**YOUR GOAL:** Only the text should be kept: print every entry below exactly and leave each image out.

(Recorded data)
━━━━━━━━━━━━━━━━━━━━
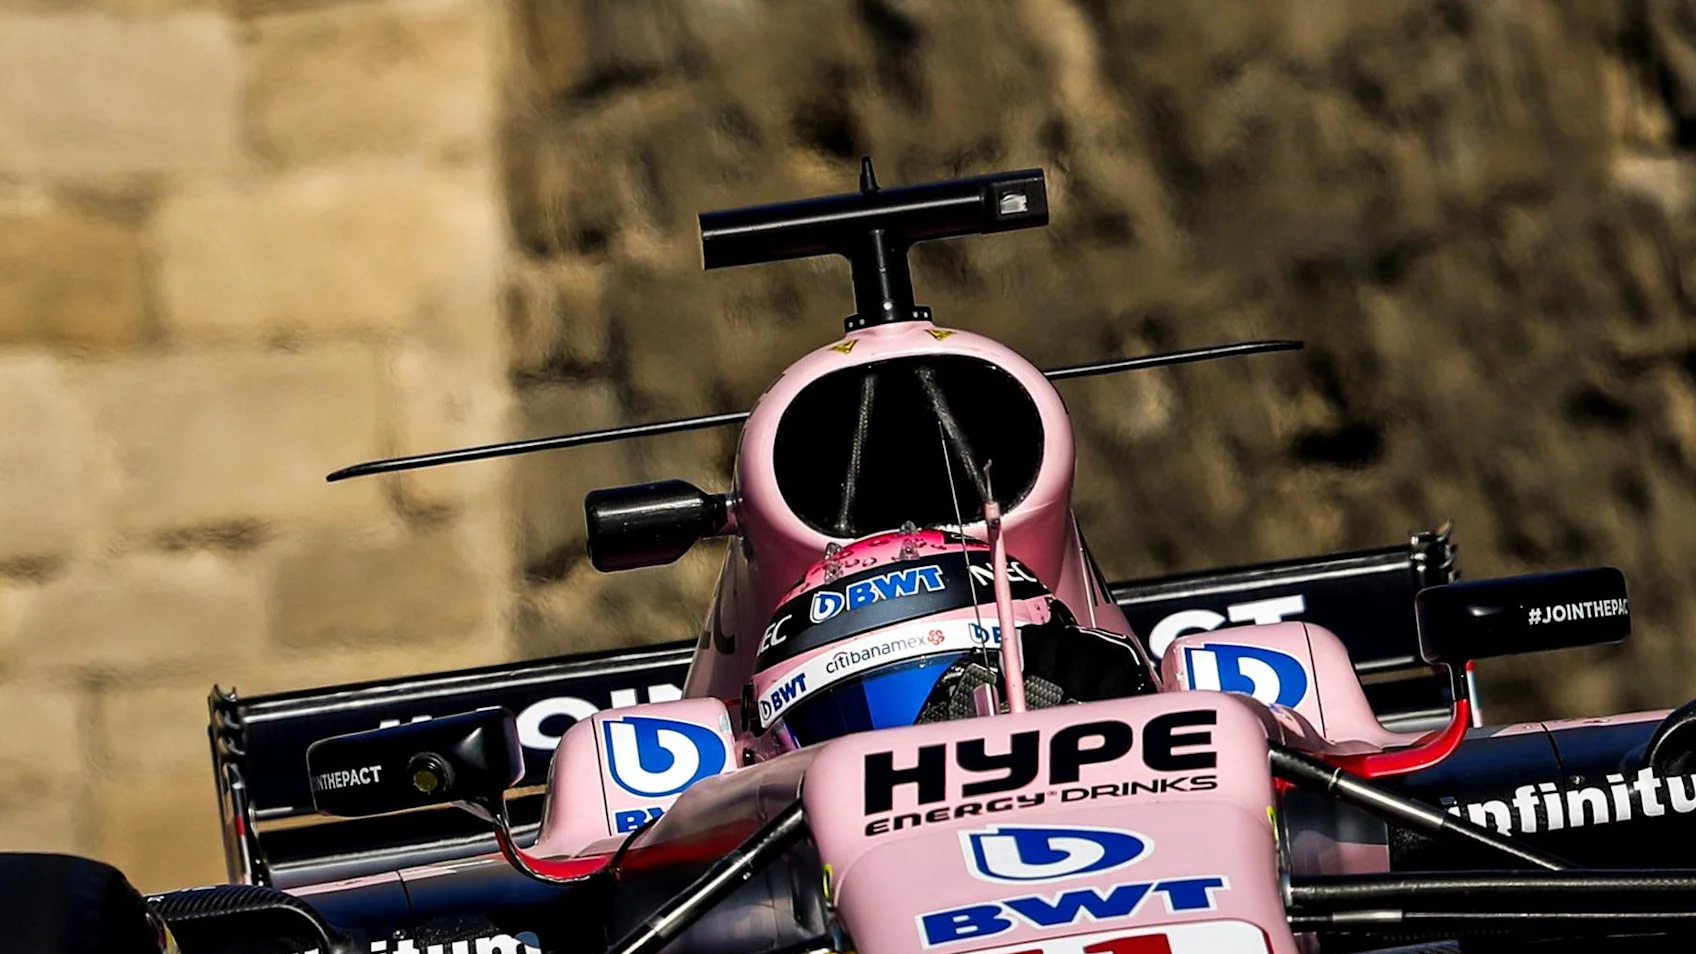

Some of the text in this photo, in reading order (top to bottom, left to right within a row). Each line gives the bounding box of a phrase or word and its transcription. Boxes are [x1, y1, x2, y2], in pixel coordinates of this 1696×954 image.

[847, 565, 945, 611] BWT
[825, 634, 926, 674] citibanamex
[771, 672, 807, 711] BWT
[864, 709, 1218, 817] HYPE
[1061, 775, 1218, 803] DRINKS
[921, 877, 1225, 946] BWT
━━━━━━━━━━━━━━━━━━━━
**EXPECTED ANSWER:**
Some of the text in this photo, in reading order (top to bottom, left to right within a row). Each line gives the bounding box of a phrase or word and its transcription. Boxes are [x1, y1, x2, y2], in pixel coordinates of this 1696×954 image.

[847, 565, 945, 611] BWT
[825, 634, 926, 674] citibanamex
[771, 672, 807, 711] BWT
[864, 709, 1218, 817] HYPE
[1061, 775, 1218, 803] DRINKS
[921, 877, 1225, 946] BWT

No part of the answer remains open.